Derek Chauvin Sentenced for the Murder of George Floyd

by JBullock

Justin Bullock, FISM News


Derek Chauvin, the former police officer who was convicted of murdering George Floyd, was sentenced to twenty-two and a half years minus time already served on Friday. The sentencing hearing and decision from Judge Peter Cahill comes after Chauvin was convicted of second-degree unintentional murder, third-degree murder, and second-degree manslaughter in April of this year. Judge Cahill delivered a short order with a 22 page memorandum opinion attached explaining his reasoning.

The maximum sentence for second-degree unintentional murder in Minnesota is 40 years pursuant to Minnesota Statute so Judge Cahill’s ruling comes well within the guidelines.

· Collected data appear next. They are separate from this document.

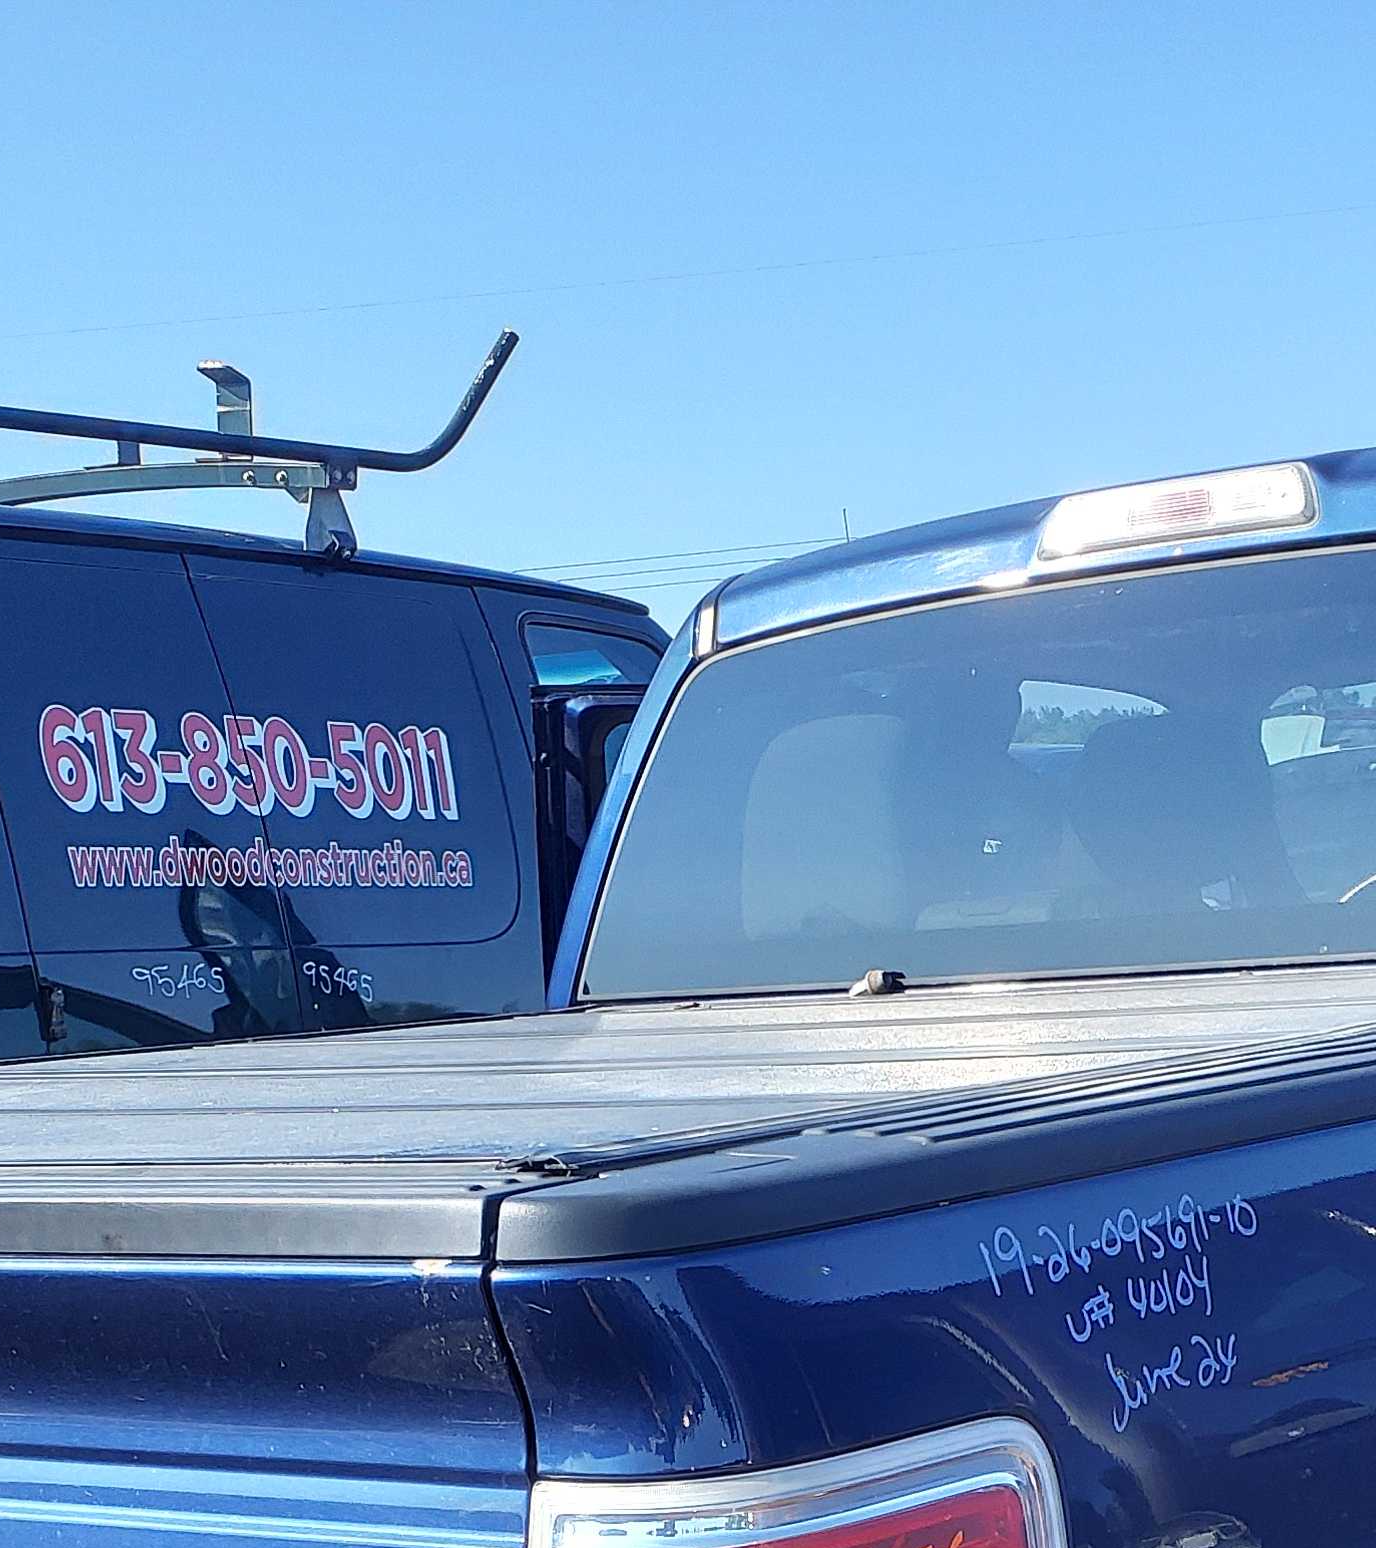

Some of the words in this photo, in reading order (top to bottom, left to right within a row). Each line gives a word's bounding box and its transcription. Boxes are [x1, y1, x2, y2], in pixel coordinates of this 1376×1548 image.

[39, 704, 459, 820] 613-850-5011
[68, 835, 472, 887] www.dwoodconstruction.ca
[132, 965, 225, 998] 95465
[302, 961, 373, 1002] 95465
[1105, 1346, 1191, 1432] June
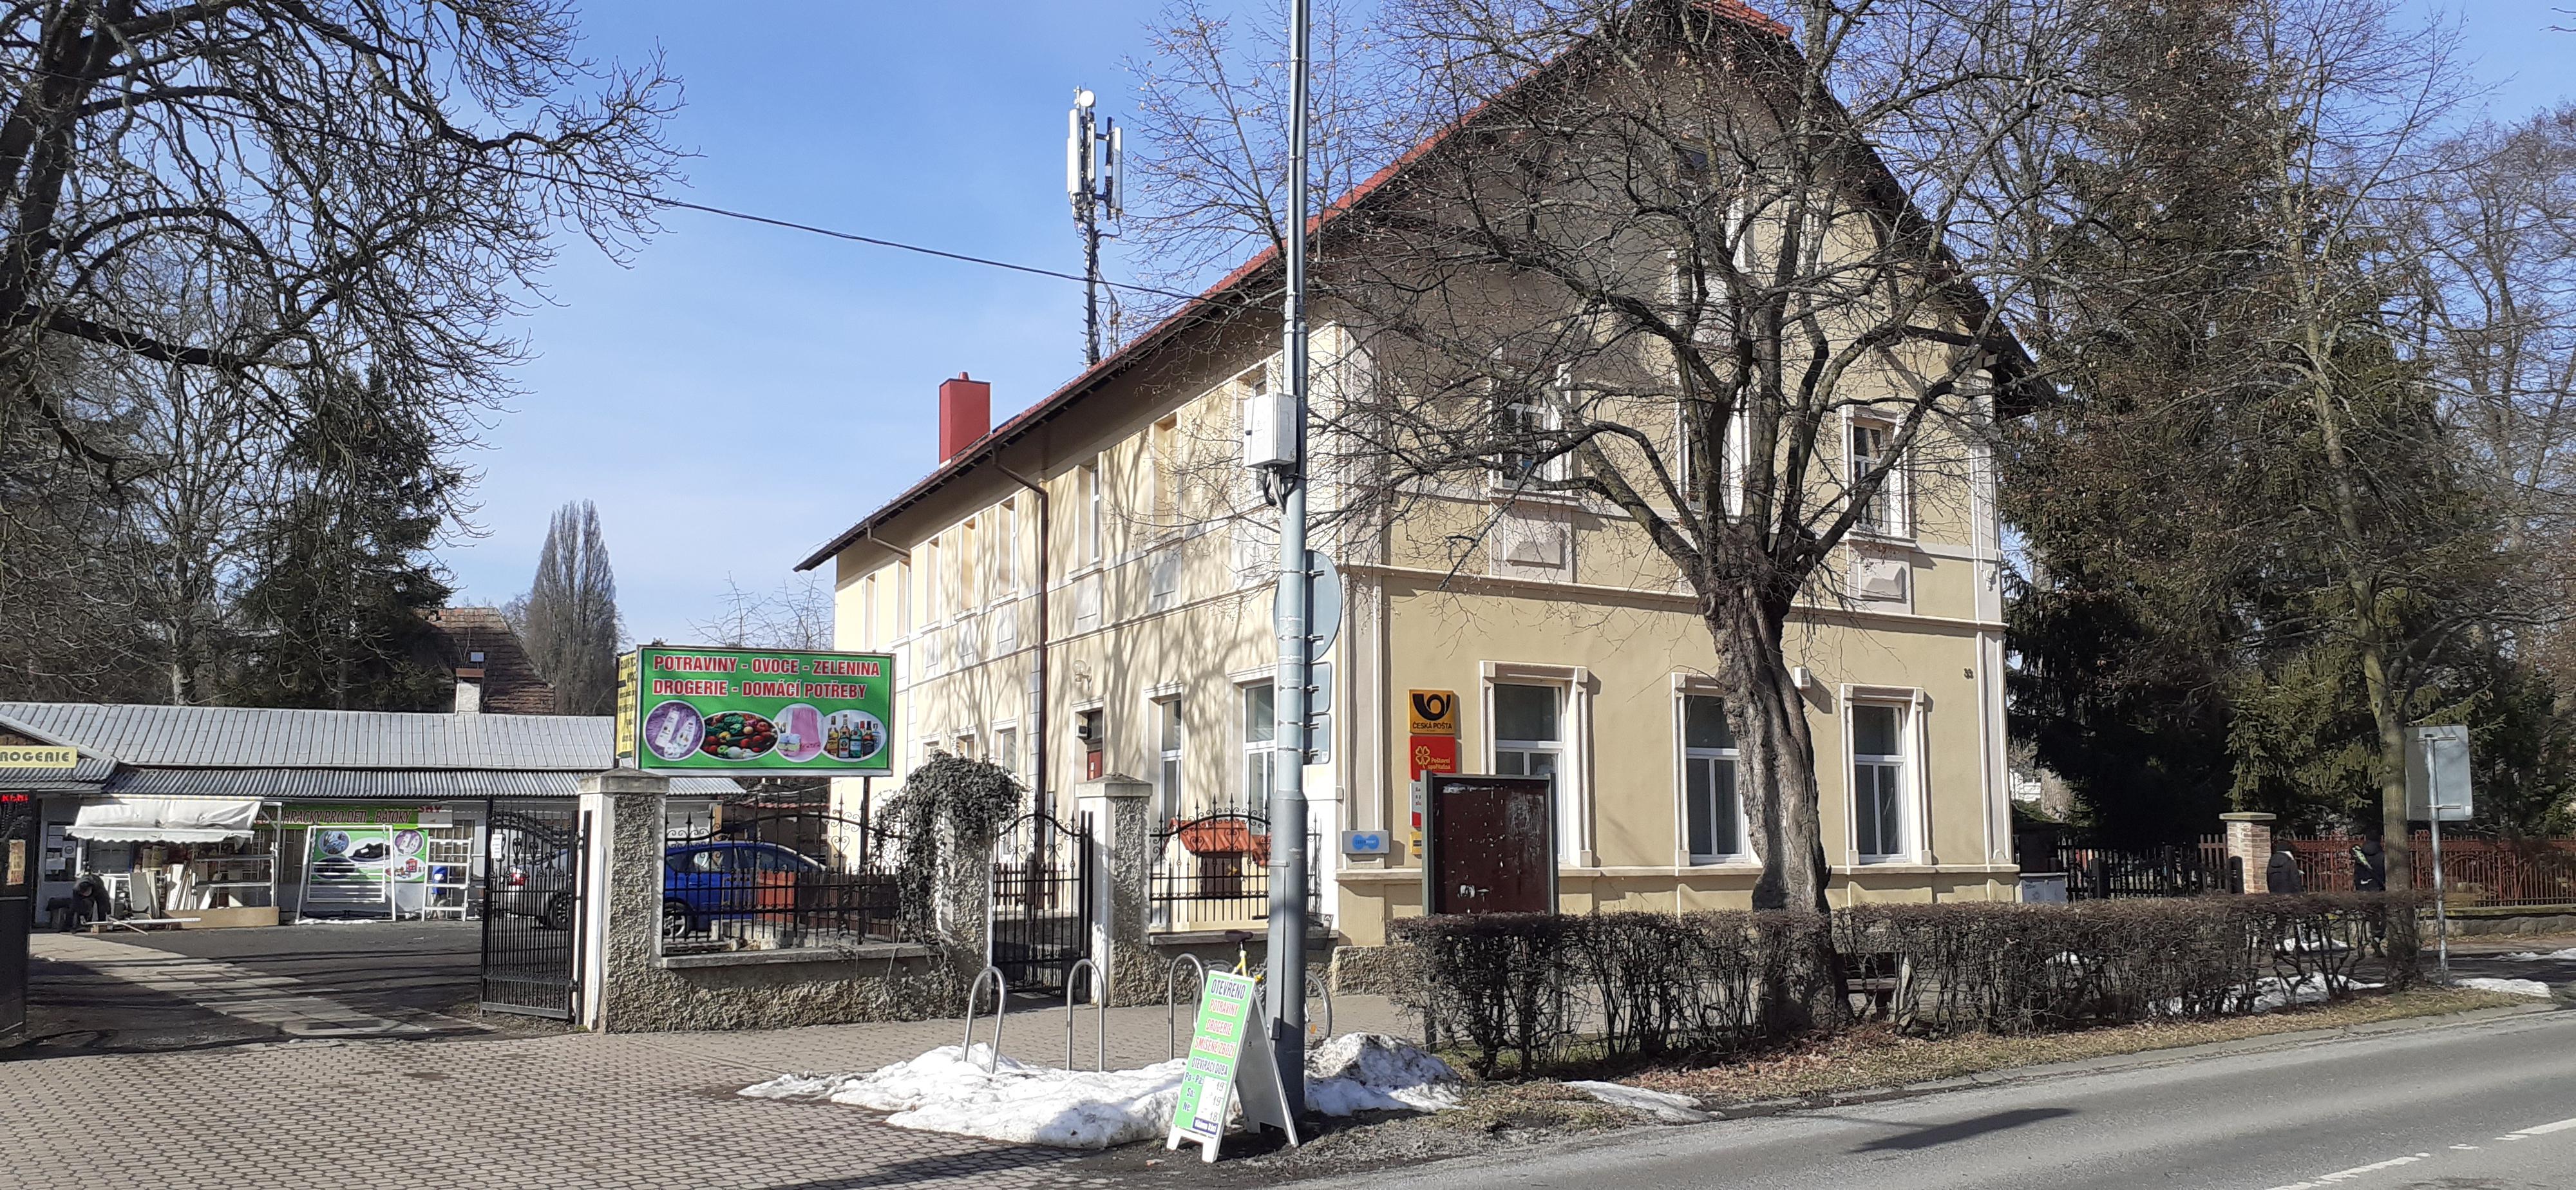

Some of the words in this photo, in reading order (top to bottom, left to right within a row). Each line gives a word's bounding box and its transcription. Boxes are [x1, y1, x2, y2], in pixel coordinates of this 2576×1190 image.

[654, 655, 737, 672] POTRAVINY
[752, 657, 799, 674] OVOCE
[813, 659, 880, 676] ZELENINA
[653, 679, 728, 695] DROGERIE
[743, 679, 801, 697] DOMÁCÍ
[804, 680, 867, 699] POTŘEBY
[324, 810, 344, 823] PRO
[1211, 979, 1246, 999] OTEVŘENO
[1209, 999, 1239, 1016] POTRAVINY
[1206, 1019, 1233, 1035] DROGERIE

Prosecutors asked Judge Cahill for a 30 year sentence. Judge Cahill’s sentencing of 22.5 years for Chauvin is the most extreme instance in Minnesota history toward a former police officer convicted of using excessive force or similar such crime. Judge Cahill said that Chauvin’s former position as a police officer did play a role in his decision both positively and negatively. Judge Cahill also indicated that Chauvin would be eligible for supervised release after 15 years of his sentence were fulfilled.

Judge Cahill said in his opinion that Chauvin “abused his position of trust or authority” as a police officer by exhibiting “particular cruelty” toward Floyd, and treated Floyd “without respect and denied him the dignity owed to all human beings.” He also revealed that these two considerations were the primary influences on his decision. President Biden very briefly commentated on the ruling, telling the press, “I don’t know all the circumstances that were considered, but it seems to me under the guidelines, that seems to be appropriate.” It is unknown thus far if Chauvin will appeal the ruling.

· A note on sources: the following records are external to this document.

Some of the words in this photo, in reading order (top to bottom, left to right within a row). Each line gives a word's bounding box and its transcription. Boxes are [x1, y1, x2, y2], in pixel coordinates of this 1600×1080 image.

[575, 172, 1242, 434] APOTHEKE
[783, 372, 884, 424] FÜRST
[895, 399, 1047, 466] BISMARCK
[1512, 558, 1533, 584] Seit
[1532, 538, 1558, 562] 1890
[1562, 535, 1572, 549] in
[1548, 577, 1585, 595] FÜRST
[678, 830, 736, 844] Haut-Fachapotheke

The actual hearing itself was tense, as Chauvin was given the opportunity to give a statement prior to the sentencing. He told the Floyd family that he gives them his “condolences” and cryptically referred to future legal developments and information in the coming days.

In addition, Floyd’s young daughter delivered a victim impact statement via video:

There was additional widespread reaction to the sentencing, as Floyd’s family and spokespersons told the press that the only way for justice was in a life sentence for Chauvin. Reverend Al Sharpton joined the Floyd family and their attorney in saying that the sentencing was insufficient for justice. However, jury trial member Brandon Mitchell told the the press that the sentencing did seem like justice in a hopeless situation. Minnesota Attorney Governor took a middle ground position saying in a statement,

The sentence the court just imposed on Derek Chauvin — 22.5 years — is one of the longest a former police officer has ever received for an unlawful use of deadly force. Like the conviction of Derek Chauvin two months ago, today’s sentencing is not justice, but it is another moment of real accountability on the road to justice… Today is also an important moment in the history of our country. The outcome of this case is critically important — but by itself, it’s not enough. My hope for our country is that this moment gives us pause and allows us to rededicate ourselves to real societal change that will move us much farther along the road of justice. I’m not talking about the kind of change that will take decades: I’m talking about real, concrete change that real people can make now… We can and we must make another choice: the choice to break the old paradigm and end the cycle of inaction, the choice to act for accountability and justice, the choice to transform ourselves and our country. For the sake of all the lives that have been lost, for the sake of the terrible sacrifices that too many families have made, for the sake of the many officers who strive to serve everyone with dignity and respect, for the sake of all communities. Time is up. Nothing less will do. The country is counting on us. We are counting on each other.